Your instructions =
Retype the listing exactly, minus its pictures.

** Exercise materials follows **

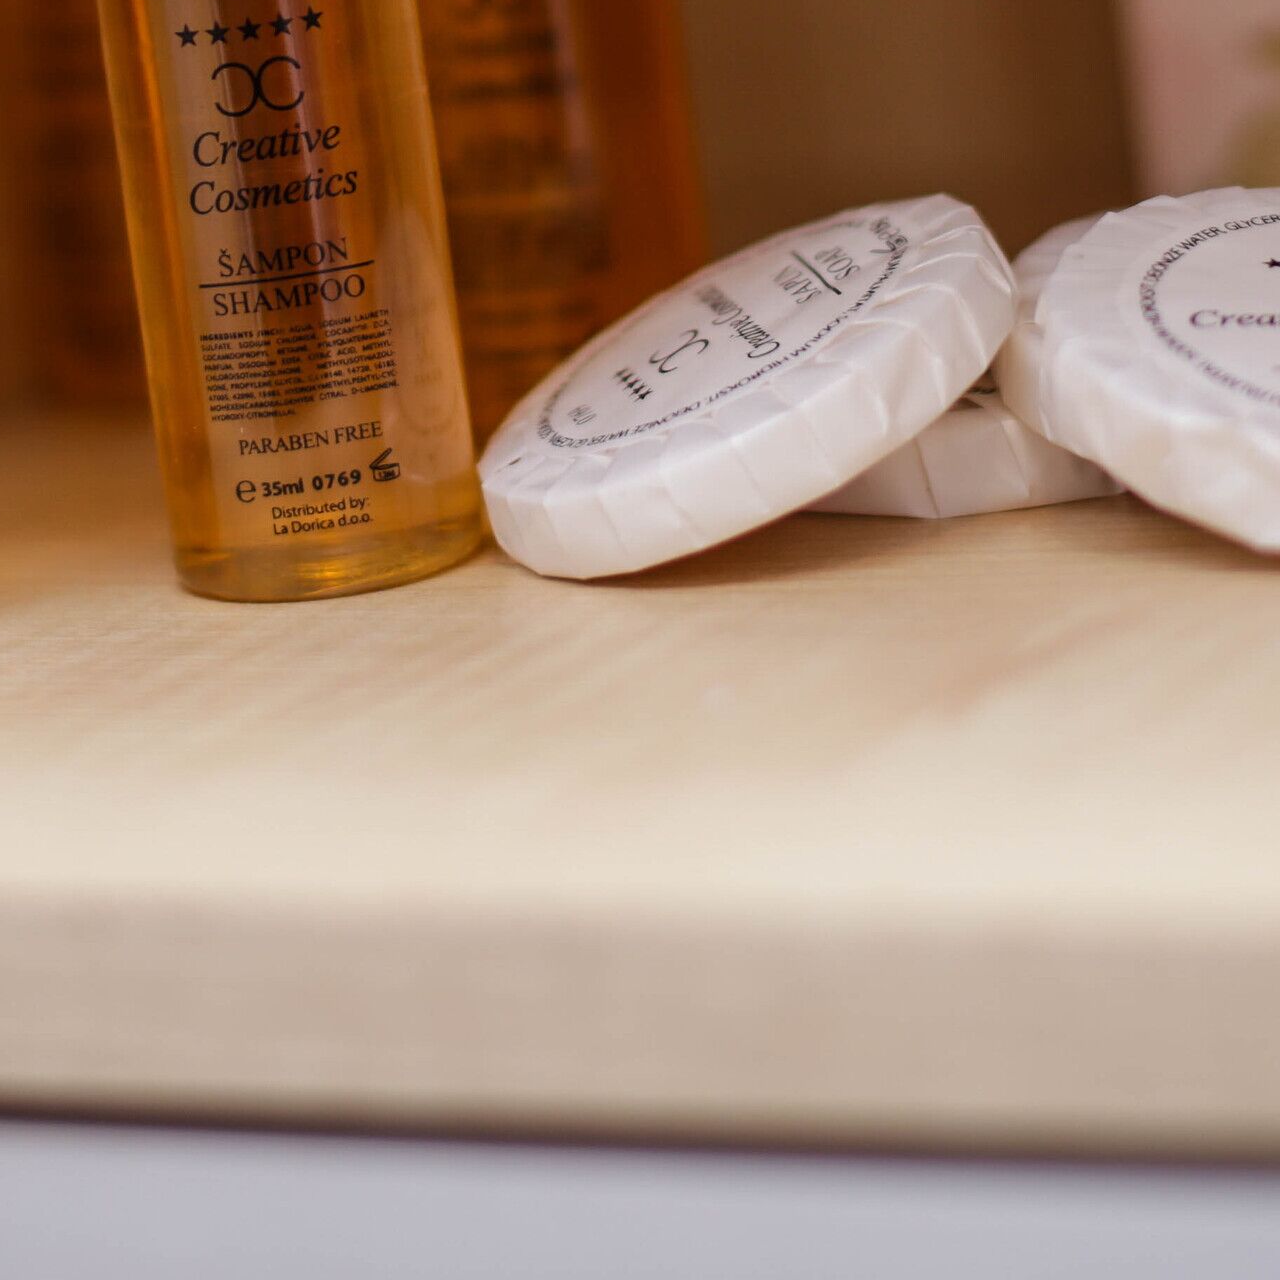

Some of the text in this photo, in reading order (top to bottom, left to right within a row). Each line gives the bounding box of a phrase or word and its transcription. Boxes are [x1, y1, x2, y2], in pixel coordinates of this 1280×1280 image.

[193, 122, 341, 167] Creative
[190, 169, 358, 215] Cosmetics
[218, 237, 348, 277] ŠAMPON
[213, 274, 366, 316] SHAMPOO
[729, 314, 780, 359] Creative
[239, 421, 384, 455] PARABEN FREE
[261, 478, 305, 497] 35ml
[312, 469, 361, 490] 0769
[272, 498, 346, 519] Distributed
[273, 523, 288, 535] La
[291, 518, 335, 534] Dorica

** End of Exercise materials **

Result =
Some of the text in this photo, in reading order (top to bottom, left to right within a row). Each line gives the bounding box of a phrase or word and its transcription. Boxes are [x1, y1, x2, y2], in pixel coordinates of this 1280×1280 image.

[193, 122, 341, 167] Creative
[190, 169, 358, 215] Cosmetics
[218, 237, 348, 277] ŠAMPON
[213, 274, 366, 316] SHAMPOO
[729, 314, 780, 359] Creative
[239, 421, 384, 455] PARABEN FREE
[261, 478, 305, 497] 35ml
[312, 469, 361, 490] 0769
[272, 498, 346, 519] Distributed
[273, 523, 288, 535] La
[291, 518, 335, 534] Dorica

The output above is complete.